As most readers will know, a modern DSLR camera has the ability to store an image in either one of two formats – RAW or JPEG.  The choice is made through a camera configuration setting. The JPEG file is print-ready, whereas the RAW requires processing on an external computer to convert it to a print-ready format – which is usually JPEG.


A RAW file is massive – consuming 50 to 100 times the space of the equivalent JPEG and since the RAW is useless without being converted, it is understandable that most newbies are puzzled as to why anyone should want to shoot in RAW. The Internet is full of debates on this subject but I won’t repeat them here. Suffice it to say that most professionals have to shoot in RAW, because clients demand it.  Top photo competitions also demand it. The rationale is that manually converting from a RAW to a JPEG potentially produces a higher quality result than an in-camera conversion.


Consequently, most advanced DSLR users choose to shoot in RAW and process their images on a PC later.  This processing requires the use of custom software – called a “RAW Converter” to transform the file from the camera into a more generic format that can be read by other applications (like Photoshop/Lightroom) or that is ready to print as it is (JPEG mostly, but there are others).


RAW Converters are available from many software vendors and another favourite debate on the internet revolves around which converter is best.  However, comparing converters is not easy, since they all differ in their interpretation of “default” rendition.  Furthermore, there are many aspects to the conversion that need consideration – noise, detail, colour and sharpness, to mention a few.


At the Canon Roadshow in Johannesburg early in 2015, Canon’s Roger Machin urged attendees to take a look at Canon’s own RAW Converter, called DPP 4, which is bundled free with every Canon DSLR.  Traditionally, software that is bundled free is not class-leading and previous versions of DPP have not been user-friendly, nor have they been stellar performers.  Nonetheless, one should re-evaluate one’s workflow occasionally and I decided to do so in the light of DPP 4.


Choosing a RAW Converter that suits your specific individual needs is not difficult – it involves evaluating it on the type of work that you do.  This is what I did:


I chose a photograph that is typical of my work and that is also difficult to process – the Malachite Kingfisher below.  The white tufts on the throat and neck wash out easily while the dark brown eye can easily merge with the pupil to a uniform black.  My source image was correctly-exposed; in particular, the white tufts were well in to the fifth band of the histogram, but were not blowing out.  All major RAW converters can manage simple images with ease.  As an outdoor photographer, I need to be able to extract detail from images in non-ideal lighting.

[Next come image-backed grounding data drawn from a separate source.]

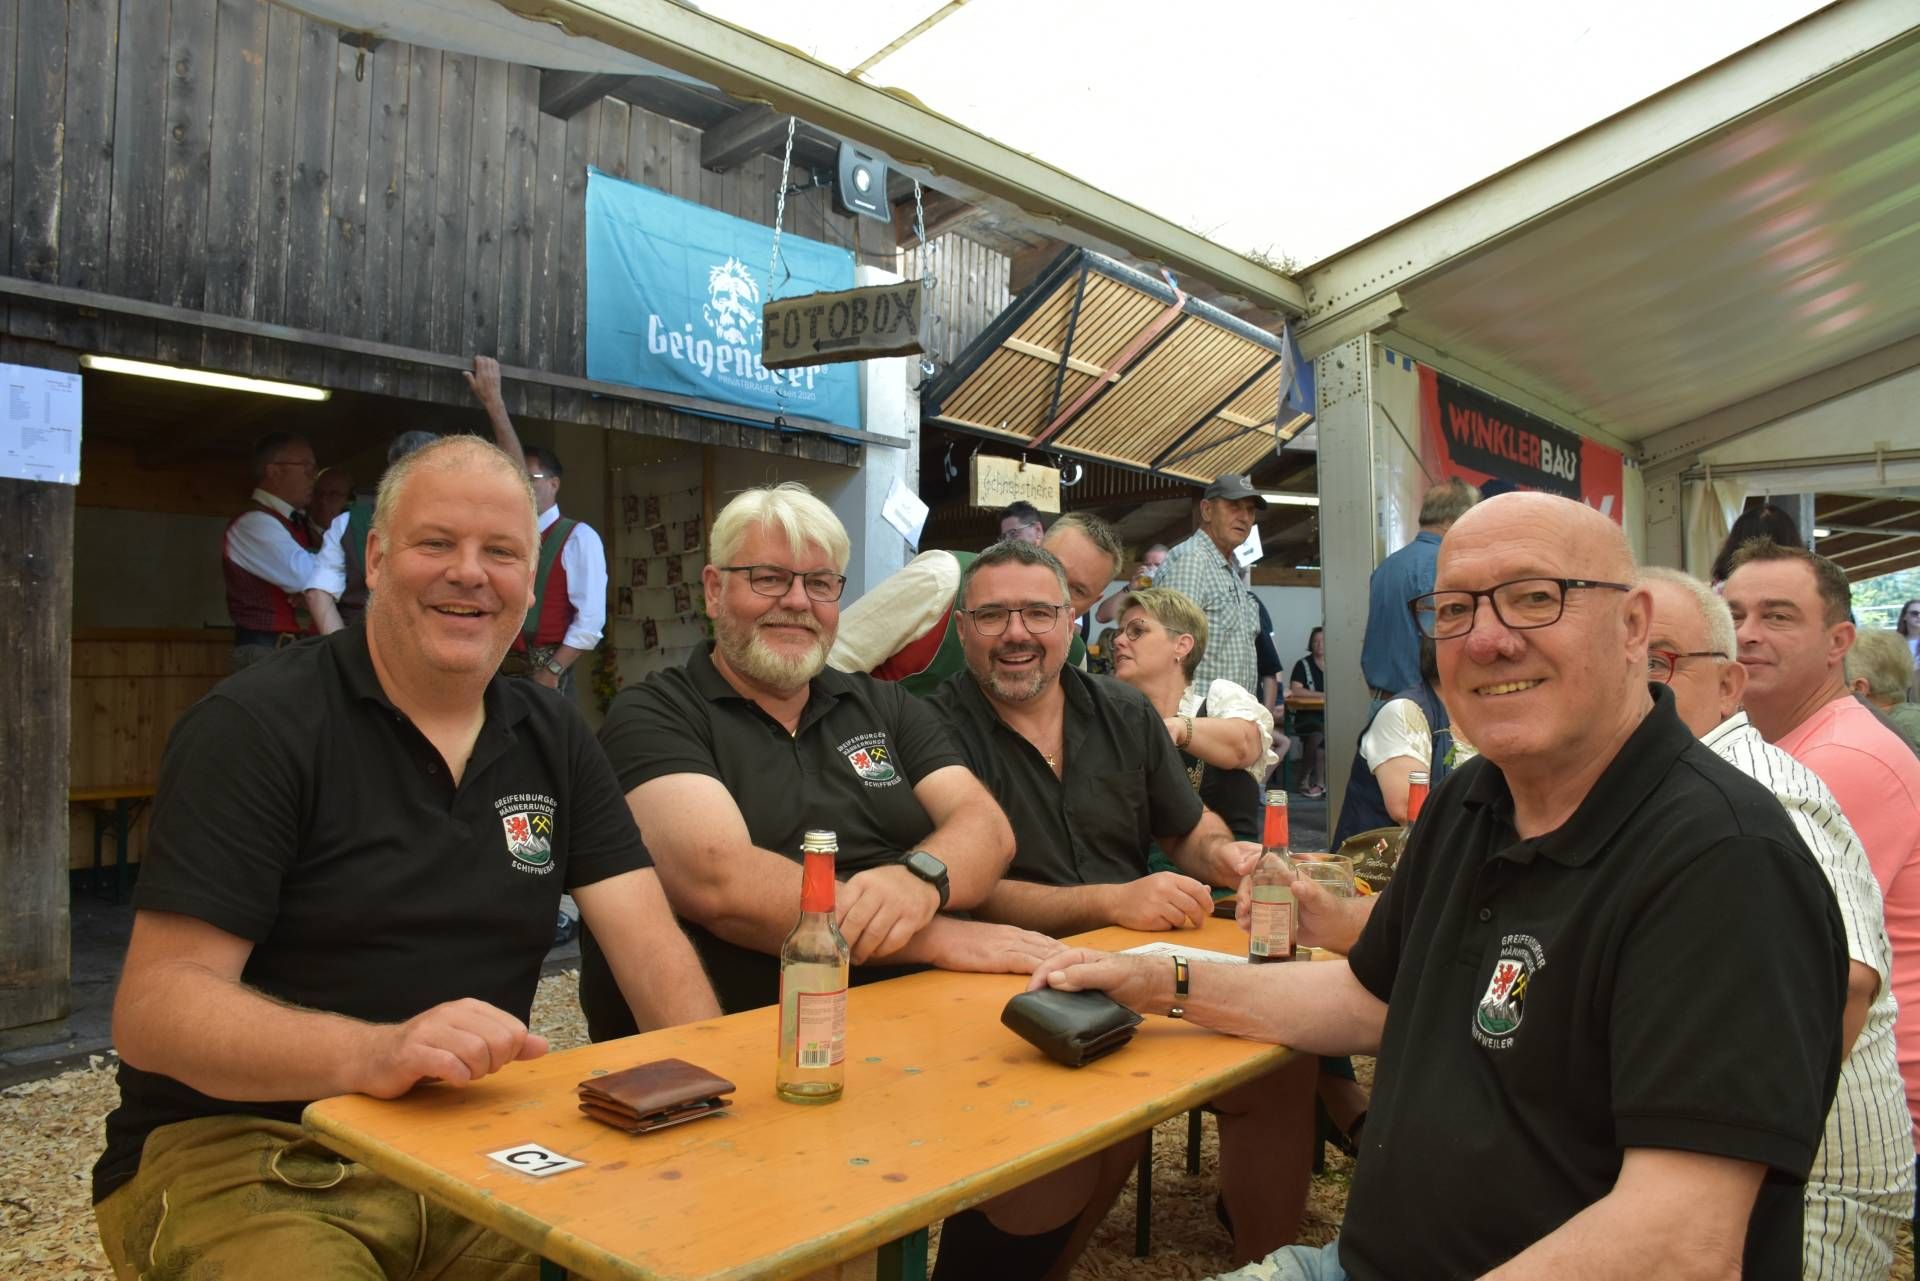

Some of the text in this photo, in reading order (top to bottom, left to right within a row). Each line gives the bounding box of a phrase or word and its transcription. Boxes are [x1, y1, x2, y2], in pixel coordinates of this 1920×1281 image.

[764, 288, 918, 352] FOTOBOX
[717, 374, 782, 395] PRIVATBRAUER
[494, 793, 558, 809] GREIFENBURGER
[499, 803, 556, 817] MÄNNERRUNDE
[505, 1150, 568, 1172] C1

My camera was the Canon 7D MkII which was set to save a large JPEG and a RAW.

Screenshot of a large, in-camera JPEG in photoshop

Firstly, here is the large, in-camera JPEG.  It is remarkably impressive, with good detail in the white plumage, and fair detail in the eye.  Frankly, it is hard to do better than this with a manual conversion from RAW – extracting more feather detail can easily make the white look grey.  When last did you check how well your processing skills compete against your camera?  As we see here, a modern DSLR can do a superb job.

Screenshot of an image processed from RAW, using Adobe’s popular ACR 8.8 converter

Here is an image that I processed from RAW, using Adobe’s popular ACR 8.8 converter.  With tweaking, the white plumage can be made as good as the in-camera JPEG, but no better.  The bird’s eye, however, benefited greatly from image tweaking and ultimately portrays much better detail, showing better differentiation between black and brown.  This may not be obvious in the web-images, but the difference is obvious on my photo monitor.


Screenshot of an image done in RAW Conversion from DxO OpticsPro 10

In the RAW Conversion from DxO OpticsPro 10, the eye has as much detail as ACR, but the white is slightly inferior in its best efforts of rendition. 

Screenshot of an image doen in RAW conversion from DPP 4

The RAW conversion from DPP 4 using lens correction was the best of the bunch, by far – with complete rendition of detail in the white plumage and perfect interpretation.


I exported this converted RAW to Photoshop for my final tweaking – here is the end result:

This picture shows a great conversion performed by DPP 4 and quite a bit better than the in-camera JPEG

This picture shows a great conversion performed by DPP 4 and quite a bit better than the in-camera JPEG.  There is good detail across the white plumage – even more than in the original JPEG and the whites still look white, and not a muddy grey.  Furthermore, the eye responded well to a touch of selective lightening in Photoshop – just enough to show the bird’s expression, while retaining the black of the pupil.


There are, of-course, other factors to consider when evaluating a RAW converter – how well does it recover from a badly under-exposed situation? How well does it filter noise? What is its colour accuracy and contrast?  None of these are as important to me as resolving detail, so I have not considered them.  After three months of using DPP 4, it is consistently proving to be my best-performing RAW Converter.  I do still use my other converters occasionally – ACR integrates well into my workflow and it is fine for undemanding conversions; DxO works well in recovering details in shadows, but it is also the clumsiest of these three to use. Choose your own criteria for selecting a RAW Converter.